MNP law seen benefiting telcos, users
Information and Communications Technology (ICT) industry advocates cheered the signing of the Mobile Number Portability Act, which allowed subscribers to keep their phone numbers even when switching telco providers.
And while the law competes with changing trends such as the steady shift to internet-based messaging—which does not always require a phone—and the decades-long practice of many subscribers of keeping multiple SIM cards, advocates contend that it provides a powerful competitive boost given the upcoming entry of a new mobile player.
“It’s not a magic bullet but it’s a competition enhancing measure that luckily passed Congress,” Pierre Galla, cofounder of Democracy.Net.PH, said of the law that was signed by President Duterte on Feb. 8.
Mary Grace Mirandilla-Santos, lead convenor of the Better Broadband Alliance, said the law also helped close the gap with best practices seen in neighbors in the Asean.
Under the law, the telcos should allow subscribers moving to a rival network to keep their existing numbers without any charges. This also applies to those switching between prepaid and postpaid accounts.
The numbers will keep the same prefixes that currently serve as distinguishing markers among telco. It is expected that the telcos will implement changes in the way they manage their numbers databases.
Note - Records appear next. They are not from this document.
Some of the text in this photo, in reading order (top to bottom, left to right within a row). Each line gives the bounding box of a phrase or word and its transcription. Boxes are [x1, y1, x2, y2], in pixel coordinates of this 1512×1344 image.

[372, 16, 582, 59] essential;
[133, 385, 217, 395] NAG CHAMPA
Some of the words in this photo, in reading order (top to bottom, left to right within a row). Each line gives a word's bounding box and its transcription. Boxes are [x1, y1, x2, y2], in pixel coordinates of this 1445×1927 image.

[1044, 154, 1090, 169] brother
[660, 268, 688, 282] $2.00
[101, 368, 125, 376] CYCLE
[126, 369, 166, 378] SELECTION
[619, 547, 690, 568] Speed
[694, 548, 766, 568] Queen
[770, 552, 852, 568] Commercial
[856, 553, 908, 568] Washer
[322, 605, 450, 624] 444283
Costs may go down as the law mandates the removal of all interconnection fees for local calls and text messaging.
Subscribers have long cited the loss of their mobile number as a disincentive to switch providers. But many of them, mainly those on prepaid services that account for 95 percent of all mobile users in the country, have learned to defeat that mechanism by buying multiple SIM cards.
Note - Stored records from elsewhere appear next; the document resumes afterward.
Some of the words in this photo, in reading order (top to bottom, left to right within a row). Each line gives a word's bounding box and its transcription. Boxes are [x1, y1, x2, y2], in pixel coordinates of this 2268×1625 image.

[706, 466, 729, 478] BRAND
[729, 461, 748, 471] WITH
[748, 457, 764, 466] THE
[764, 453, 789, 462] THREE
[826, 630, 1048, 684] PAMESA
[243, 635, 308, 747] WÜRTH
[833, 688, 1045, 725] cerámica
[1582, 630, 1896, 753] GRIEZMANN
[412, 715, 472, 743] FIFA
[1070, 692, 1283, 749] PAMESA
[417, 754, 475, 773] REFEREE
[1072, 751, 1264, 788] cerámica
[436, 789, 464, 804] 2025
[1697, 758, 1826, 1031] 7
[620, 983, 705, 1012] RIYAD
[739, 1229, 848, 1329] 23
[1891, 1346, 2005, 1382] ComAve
Data from PLDT Inc. and Globe Telecom showed there were over 120 million SIM cards compared to a population of about 100 million as of the third quarter of 2018.
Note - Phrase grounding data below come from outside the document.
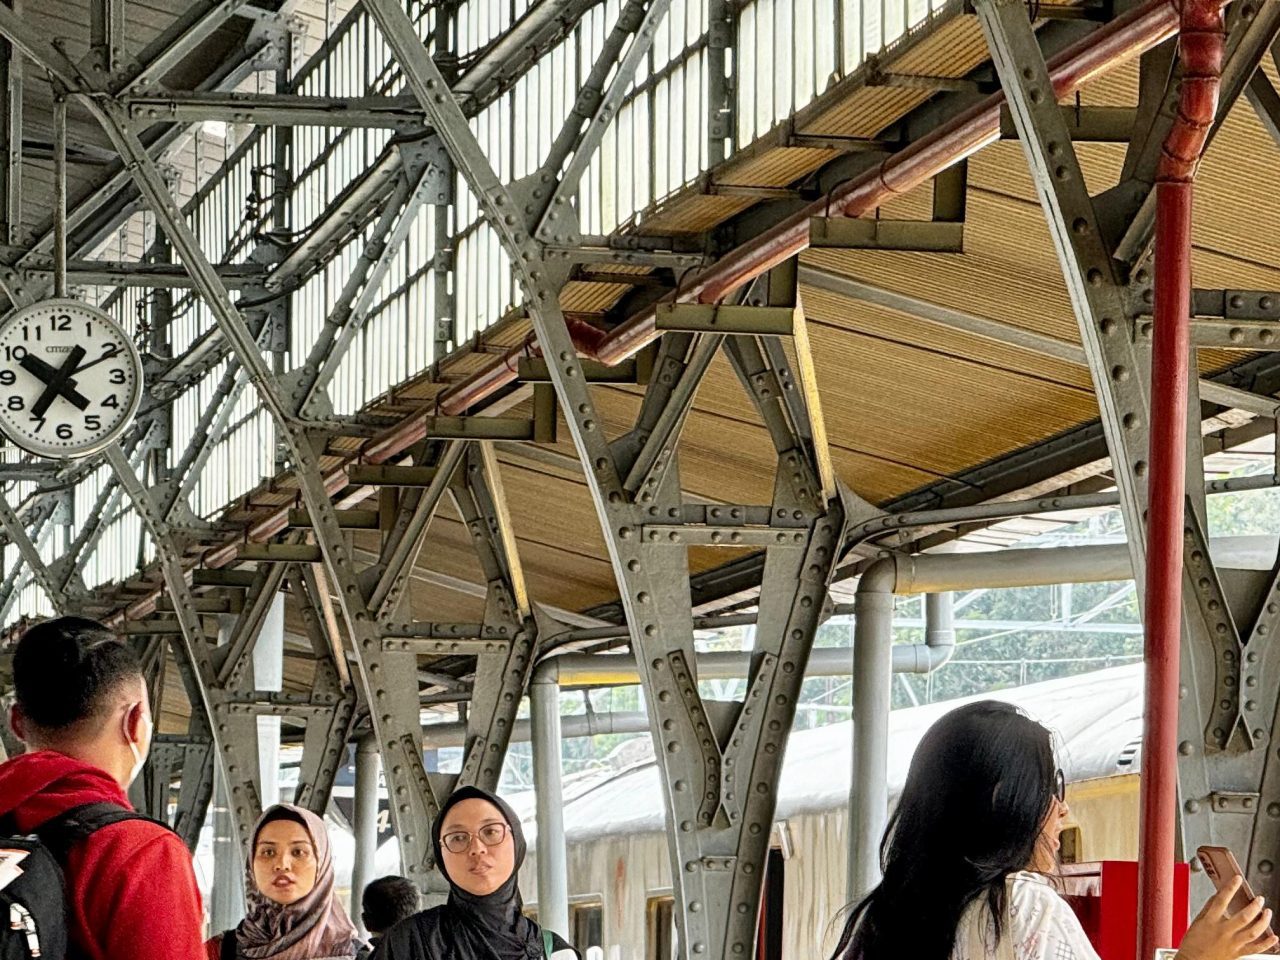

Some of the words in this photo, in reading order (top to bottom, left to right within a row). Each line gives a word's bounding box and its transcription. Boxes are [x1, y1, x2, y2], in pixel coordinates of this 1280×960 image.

[50, 315, 72, 331] 12
[86, 322, 92, 337] 1
[22, 325, 41, 341] 11
[5, 345, 27, 361] 10
[101, 343, 118, 358] 2
[0, 370, 16, 385] 9
[109, 369, 126, 384] 3
[8, 396, 25, 411] 8
[100, 394, 119, 409] 4
[29, 417, 46, 433] 7
[84, 415, 101, 430] 5
[56, 424, 73, 439] 6
The telcos can also benefit as Galla said portability would make it easier for them to entice prepaid consumers to switch to postpaid plans.
In the meantime, the National Privacy Commission said the Mobile Number Portability law would give Filipinos control over their data.
NPC said it supported the proper implementation of this law that aimed to promote consumer welfare and foster innovation and competition in the telecommunication industry.
Privacy Commissioner Raymund Enriquez Liboro said the law was an embodiment of the user’s right to data portability, which was provided in the country’s data privacy law. The right allows a user to get his personal data from one company and transfer them to another, assuring the user that he has full control of his data.
Telco providers are now awaiting the release of the law’s implementing rules, which the National Telecommunications Commission will issue within 90 days of the law’s effectivity.